While decrying the squalid social conditions in which the people live in, Melaye warned those in positions of authority not to forget that their failure to make the most of their offices in the interest of the people could turn out to hurt them, arguing that not even the rich would be immune from the disaster that looms in the horizon.
“2019 is around the corner again. Many of us are lackadaisical about the future. I delivered a lecture recently at the University of Lagos and some students from very wealthy homes, two of them said they didn’t care who the president of the country is and that it was none of their business because their parents were very successful. I said to them that when the poor have nothing to eat, they will start eating the rich.
“A time will come when it will be difficult to drive your expensive jeeps and cars on the streets. A time will come when it would be difficult to switch on your generator because everywhere around you is dark. Will you be the only one having light? There was no kidnapping before, and kidnapping is seen as the redistribution of both ill-gotten and legitimate wealth. People now take from the rich and they now appropriate to themselves,” he noted even as he urged the masses to be wary of the elites whom he accused of polarizing the rest of the populace.
“The elites have divided us using tribal sentiments. When you go to the hospital, there is a column for religion on your call card, a column for tribe and local government as if this will in any way facilitate your recovery. We have become too ethnic conscious. I sponsored a bill that is about to go for a second reading. The bill is saying that we should abolish state of origin and in its place; we should have state of residence. This is when we will have a true Nigeria when you will not need a Senator’s note to get job with the Central Bank of Nigeria, CBN or the Nigerian National Petroleum Corporation, NNPC,” he added.
On his part, former Kaduna State governor and Chairman of the defunct National Caretaker Committee of the Peoples Democratic Party (PDP), Senator Ahmed Makarfi, who bagged the Man of the Year 2017 award said the APC cannot provide the expected good leadership because the party is made up of strange political bedfellows.
While dedicating the prize to the entire PDP family, Makarfi promised Nigerians that the party will restore their hope and deliver on quality governance if given the opportunity again. In a private chat with Vanguard, an elated Makarfi said the award would spur him to do more for Nigeria and her people.
“The award will surely encourage me to do much more. As the chairman of the occasion, Babangida Aliyu mentioned, APC is conglomeration of incompatible political interest groups which Senator Melaye re-echoed. Therefore, they cannot provide good leadership,” he said.
Co-chairman of the occasion and former governor of Niger State, Babangida Aliyu, also slammed the APC, saying it was never prepared for governance. “Why is APC not doing very well? It is because it has not become a political party. It won election before becoming a political party. It is a combination of Action Congress of Nigeria (ACN), All Nigeria Peoples Party (ANPP), Congress for Progressive Change (CPC) and one-quarter of PDP,” said Aliyu who also lamented the lack of unity among leaders in the northern part of the country.

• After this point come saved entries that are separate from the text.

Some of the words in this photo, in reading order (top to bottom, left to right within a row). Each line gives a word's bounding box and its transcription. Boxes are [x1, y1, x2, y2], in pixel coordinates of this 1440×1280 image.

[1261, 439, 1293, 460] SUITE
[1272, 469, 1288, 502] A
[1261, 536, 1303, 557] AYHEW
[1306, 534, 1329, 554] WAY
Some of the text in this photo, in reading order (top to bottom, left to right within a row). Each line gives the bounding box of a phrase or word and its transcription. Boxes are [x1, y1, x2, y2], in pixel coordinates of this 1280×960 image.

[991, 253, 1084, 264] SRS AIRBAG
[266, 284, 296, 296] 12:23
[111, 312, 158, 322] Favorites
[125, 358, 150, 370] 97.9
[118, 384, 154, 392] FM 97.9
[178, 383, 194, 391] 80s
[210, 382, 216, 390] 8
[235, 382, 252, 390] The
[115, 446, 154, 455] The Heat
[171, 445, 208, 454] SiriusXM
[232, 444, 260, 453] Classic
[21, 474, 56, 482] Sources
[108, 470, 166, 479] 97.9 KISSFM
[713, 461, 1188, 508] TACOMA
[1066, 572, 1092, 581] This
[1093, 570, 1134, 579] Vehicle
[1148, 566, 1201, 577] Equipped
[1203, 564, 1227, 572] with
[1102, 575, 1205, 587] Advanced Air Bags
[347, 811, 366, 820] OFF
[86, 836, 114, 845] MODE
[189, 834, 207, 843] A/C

“Why is it that there is the problem of insecurity more in the North? Why is that we cannot speak with one voice?” he asked noting that while the government of President Buhari claimed to have defeated Boko Haram, herdsmen/farmers ‘clashes birthed leading to the death of many across the country.

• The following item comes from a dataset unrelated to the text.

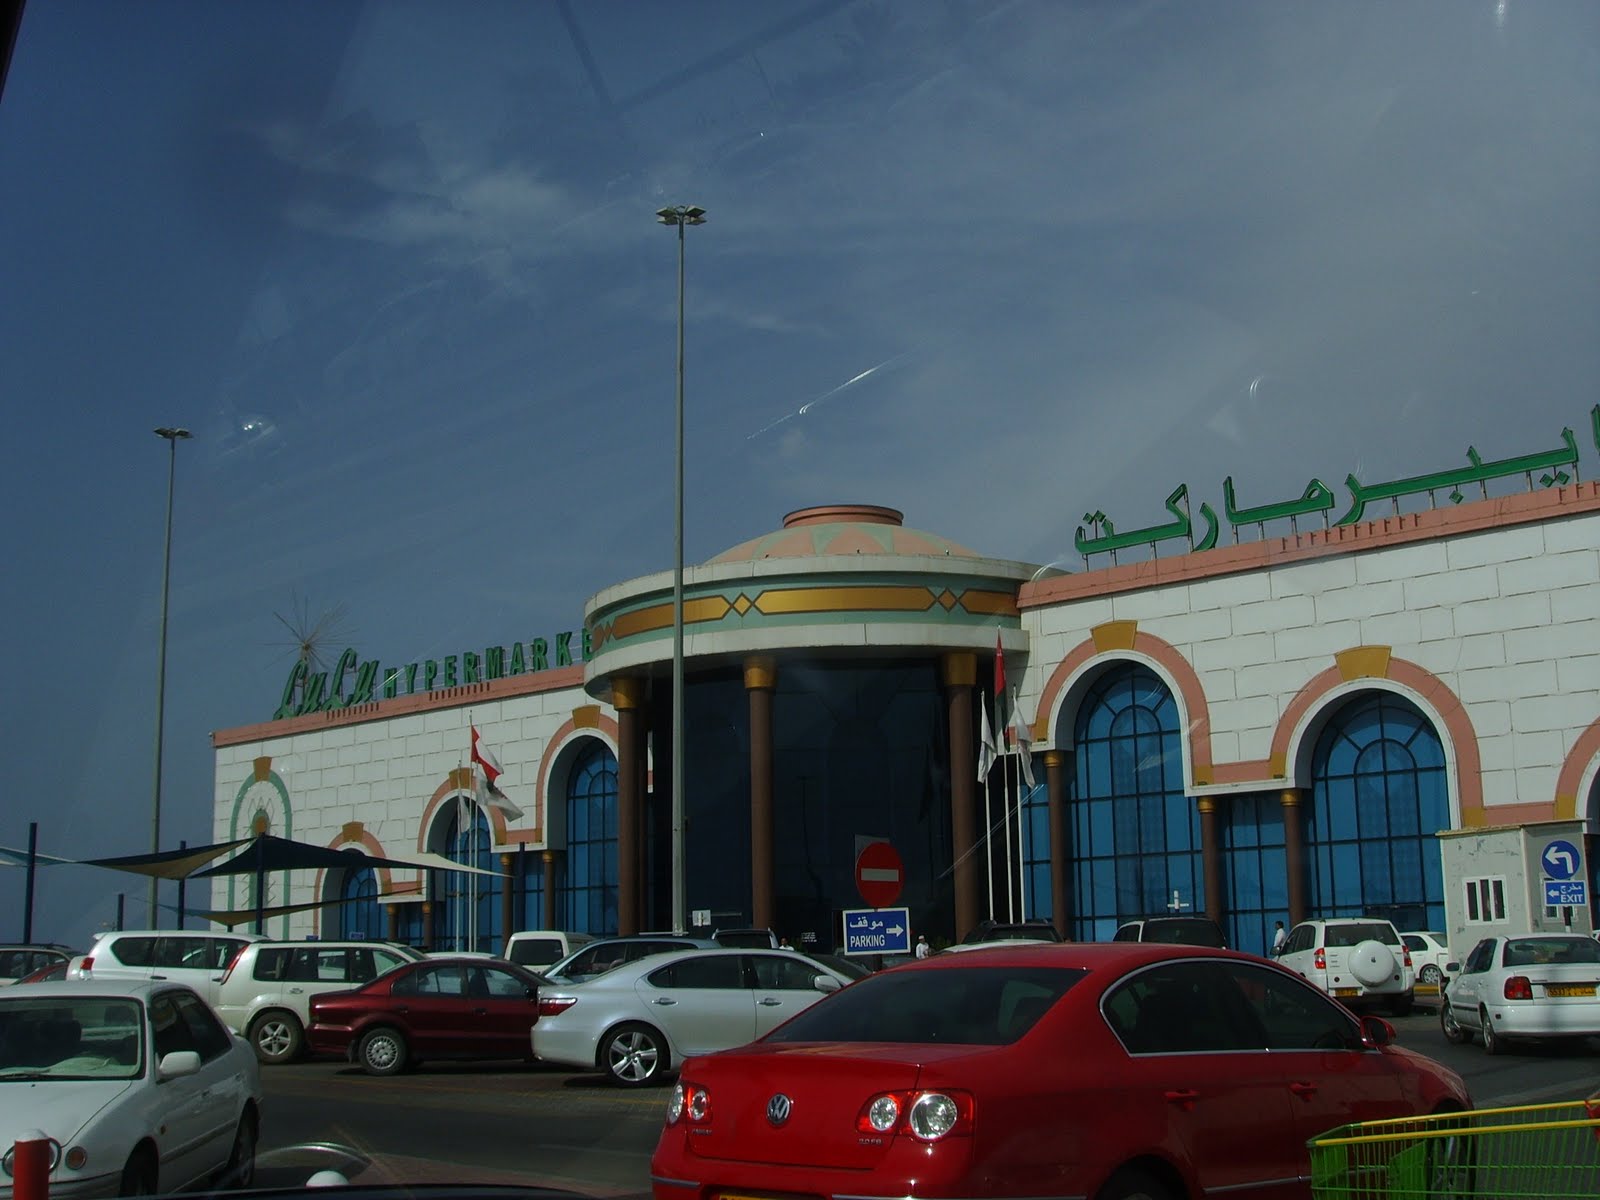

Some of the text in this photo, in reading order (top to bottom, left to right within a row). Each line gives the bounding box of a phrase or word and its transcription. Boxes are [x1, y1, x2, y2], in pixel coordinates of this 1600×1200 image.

[1560, 883, 1582, 894] مخرج
[1560, 893, 1583, 903] EXIT
[849, 916, 884, 930] موقف
[850, 934, 885, 948] PARKING

Also honoured at the event were the trio of Aminu Tambuwal, Darius Ishaku and Mohammed Abubakar, the governors of Sokoto, Taraba and Bauchi States respectively as Governor of the Year 2017. Other awardees included Nnamdi Okonkwo, Managing Director/CEO, Fidelity Bank PLC (Banker of the Year 2017); Luke Onofiok (Young Achiever of the Year 2017); Igho Charles Sanomi (Business Person of the Year 2017) and the Afe Babalola University, Ado-Ekiti (University of the Year 2017).